→ **Exercise requirements**: Return each line of the records holding the string "MACHALSKI".

::: Data section :::

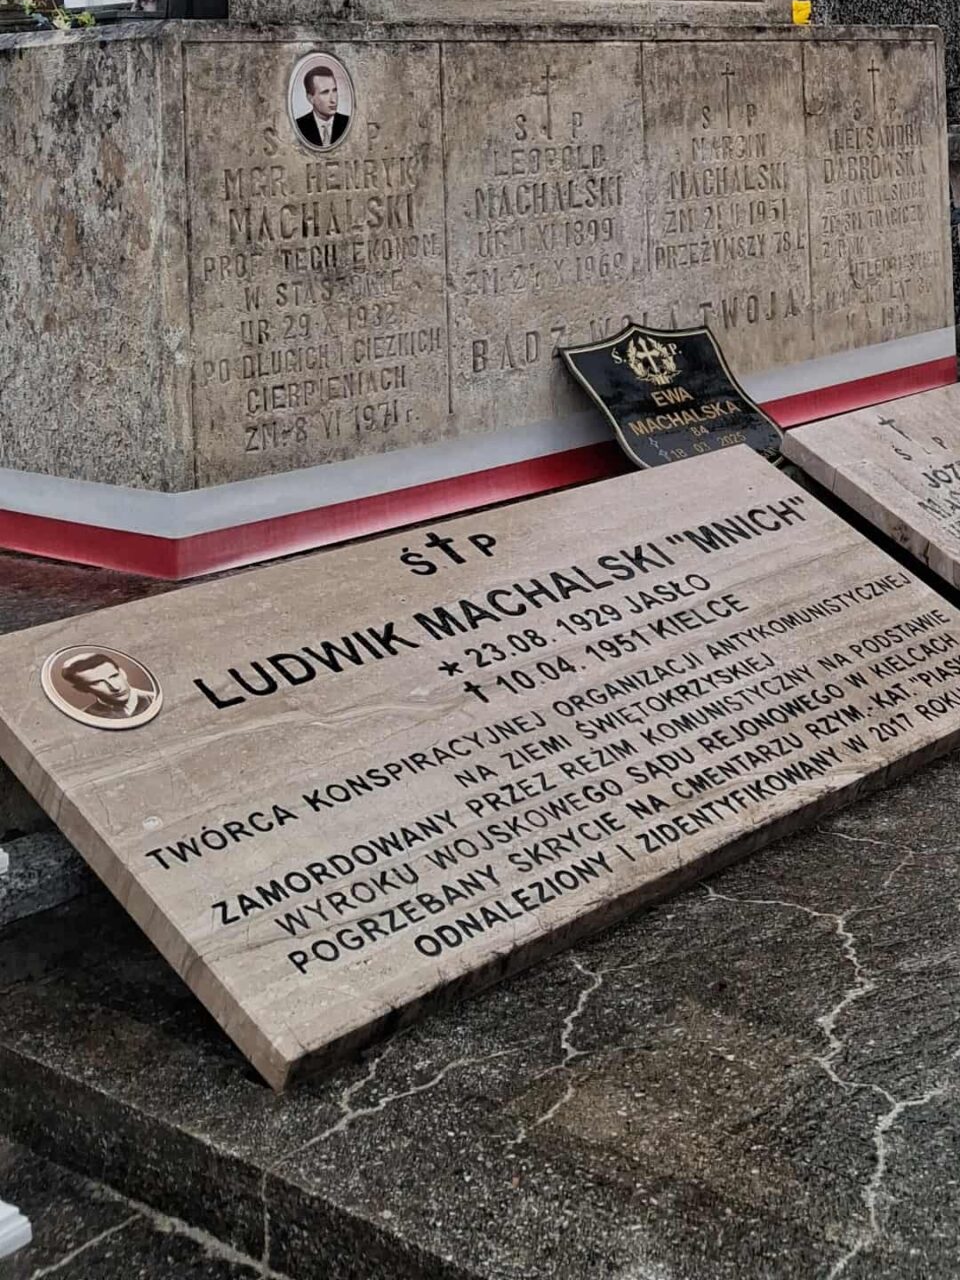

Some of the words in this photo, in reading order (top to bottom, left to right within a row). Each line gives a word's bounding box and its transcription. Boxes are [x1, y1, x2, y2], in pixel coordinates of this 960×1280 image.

[692, 133, 766, 161] MARCIN
[828, 123, 923, 151] ALEKSANDRA
[306, 156, 417, 193] HENRYK
[493, 144, 604, 177] LEOPOLD
[670, 162, 787, 200] MACHALSKI
[228, 193, 415, 244] MACHALSKI
[474, 176, 623, 219] MACHALSKI
[655, 234, 765, 270] PRZEŻYWSZY
[244, 287, 260, 311] W
[699, 288, 799, 330] TWOJA
[202, 359, 231, 387] PO
[247, 365, 406, 414] CIERPIENIACH
[628, 400, 742, 436] MACHALSKA
[651, 386, 694, 407] EWA
[399, 547, 438, 576] Ś
[468, 533, 497, 557] P
[193, 622, 421, 710] LUDWIK
[412, 542, 675, 641] MACHALSKI
[665, 495, 807, 555] "MNICH"
[557, 603, 623, 636] 1929
[629, 573, 711, 614] JASŁO
[585, 628, 651, 663] 1951
[647, 593, 750, 640] KIELCE
[145, 804, 298, 870] TWÓRCA
[302, 710, 547, 812] KONSPIRACYJNEJ
[552, 651, 704, 717] ORGANIZACJI
[706, 571, 912, 660] ANTYKOMUNISTYCZNEJ
[454, 764, 498, 788] NA
[500, 734, 572, 770] ZIEMI
[575, 652, 775, 740] ŚWIĘTOKRZYSKIEJ
[211, 809, 458, 926] ZAMORDOWANY
[465, 772, 557, 818] PRZEZ
[559, 738, 639, 780] REŻIM
[640, 664, 815, 747] KOMUNISTYCZNY
[817, 652, 853, 672] NA
[849, 609, 951, 659] PODSTAWIE
[274, 862, 420, 937] WYROKU
[425, 778, 623, 870] WOJSKOWEGO
[625, 747, 696, 784] SĄDU
[697, 683, 845, 755] REJONOWEGO
[845, 671, 869, 689] W
[868, 632, 960, 680] KIELCACH
[287, 864, 501, 975] POGRZEBANY
[508, 812, 626, 872] SKRYCIE
[625, 793, 670, 821] NA
[671, 733, 804, 800] CMENTARZU
[414, 851, 613, 957] ODNALEZIONY
[616, 844, 636, 862] I
[635, 746, 842, 854] ZIDENTYFIKOWANY
[842, 734, 869, 754] W
[869, 713, 915, 743] 2017

:::

→ **Finished task**:
[670, 162, 787, 200] MACHALSKI
[228, 193, 415, 244] MACHALSKI
[474, 176, 623, 219] MACHALSKI
[412, 542, 675, 641] MACHALSKI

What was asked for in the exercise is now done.